▸ WORK TASK
Each entry below must be repeated exactly. Leave the pictures out of it.

▸ Saved data entries

────

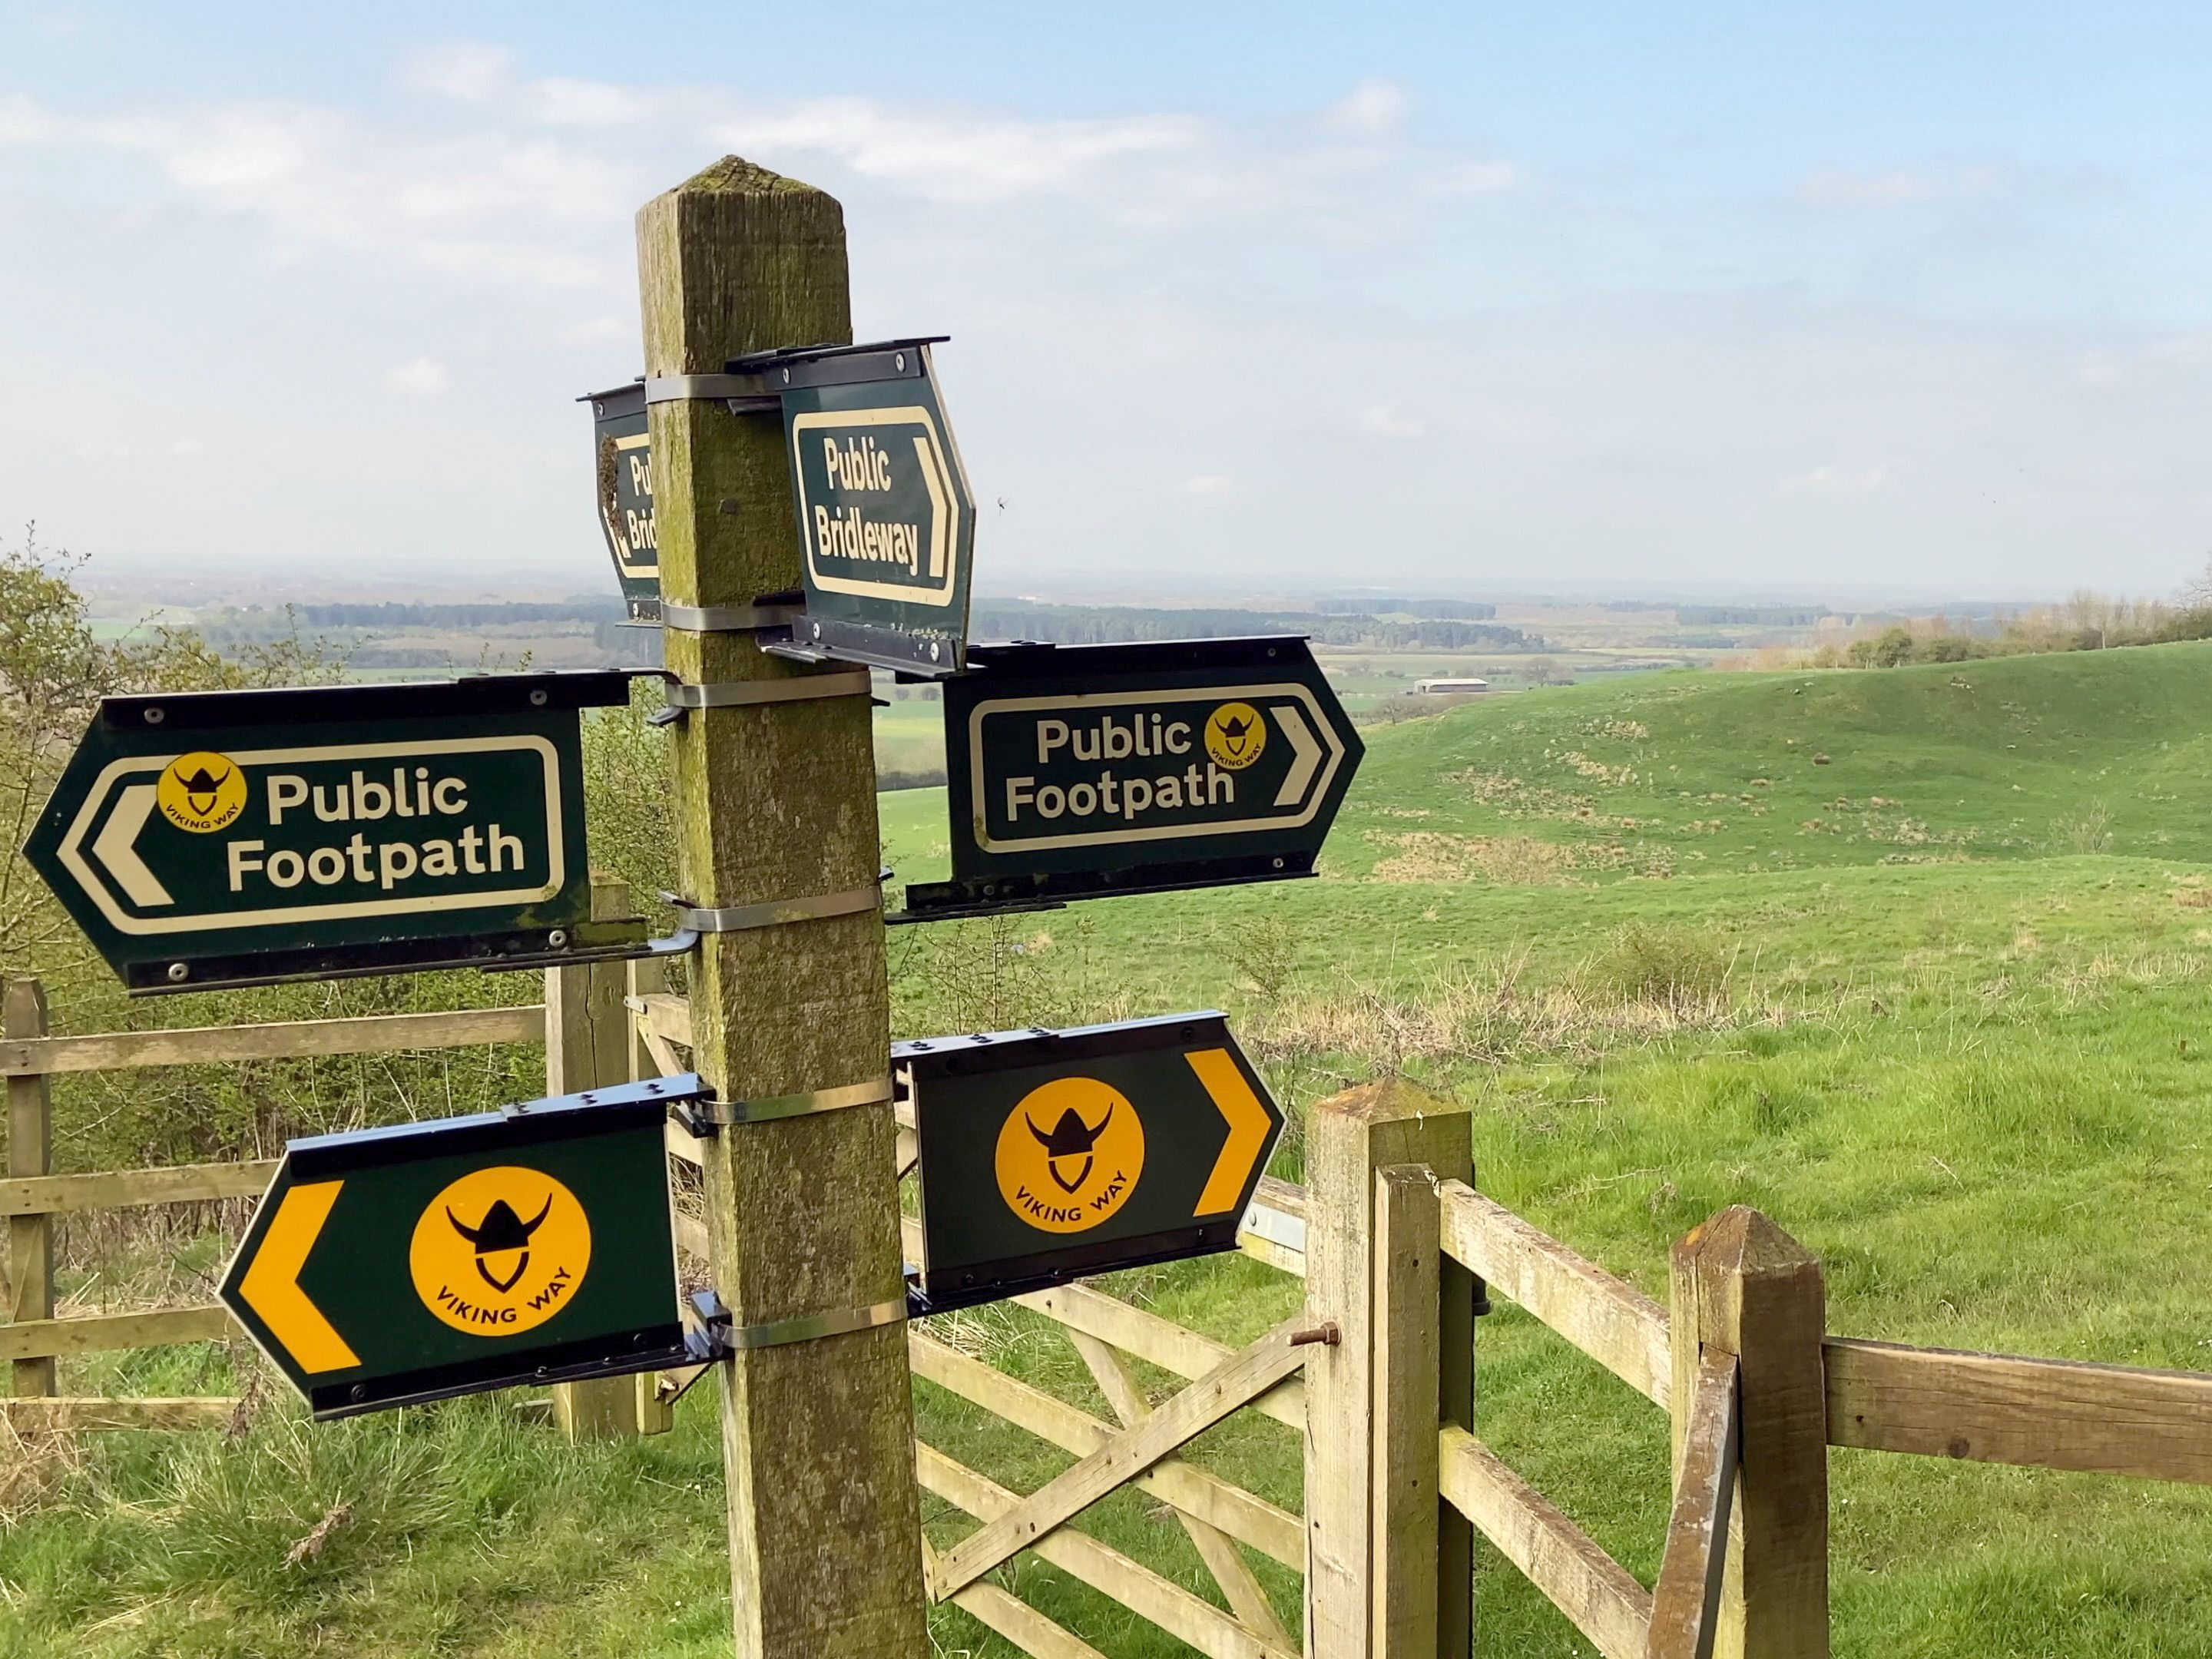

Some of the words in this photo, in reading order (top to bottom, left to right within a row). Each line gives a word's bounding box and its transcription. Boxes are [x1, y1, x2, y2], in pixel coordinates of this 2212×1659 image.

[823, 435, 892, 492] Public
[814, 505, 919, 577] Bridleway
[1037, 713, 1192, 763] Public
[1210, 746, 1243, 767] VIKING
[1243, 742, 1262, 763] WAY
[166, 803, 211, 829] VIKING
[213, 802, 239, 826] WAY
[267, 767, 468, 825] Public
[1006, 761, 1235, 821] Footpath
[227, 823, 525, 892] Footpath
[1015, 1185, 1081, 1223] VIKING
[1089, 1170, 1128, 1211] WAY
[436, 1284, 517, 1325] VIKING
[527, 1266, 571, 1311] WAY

────

▸ YOUR RESPONSE
Some of the words in this photo, in reading order (top to bottom, left to right within a row). Each line gives a word's bounding box and its transcription. Boxes are [x1, y1, x2, y2], in pixel coordinates of this 2212×1659 image.

[823, 435, 892, 492] Public
[814, 505, 919, 577] Bridleway
[1037, 713, 1192, 763] Public
[1210, 746, 1243, 767] VIKING
[1243, 742, 1262, 763] WAY
[166, 803, 211, 829] VIKING
[213, 802, 239, 826] WAY
[267, 767, 468, 825] Public
[1006, 761, 1235, 821] Footpath
[227, 823, 525, 892] Footpath
[1015, 1185, 1081, 1223] VIKING
[1089, 1170, 1128, 1211] WAY
[436, 1284, 517, 1325] VIKING
[527, 1266, 571, 1311] WAY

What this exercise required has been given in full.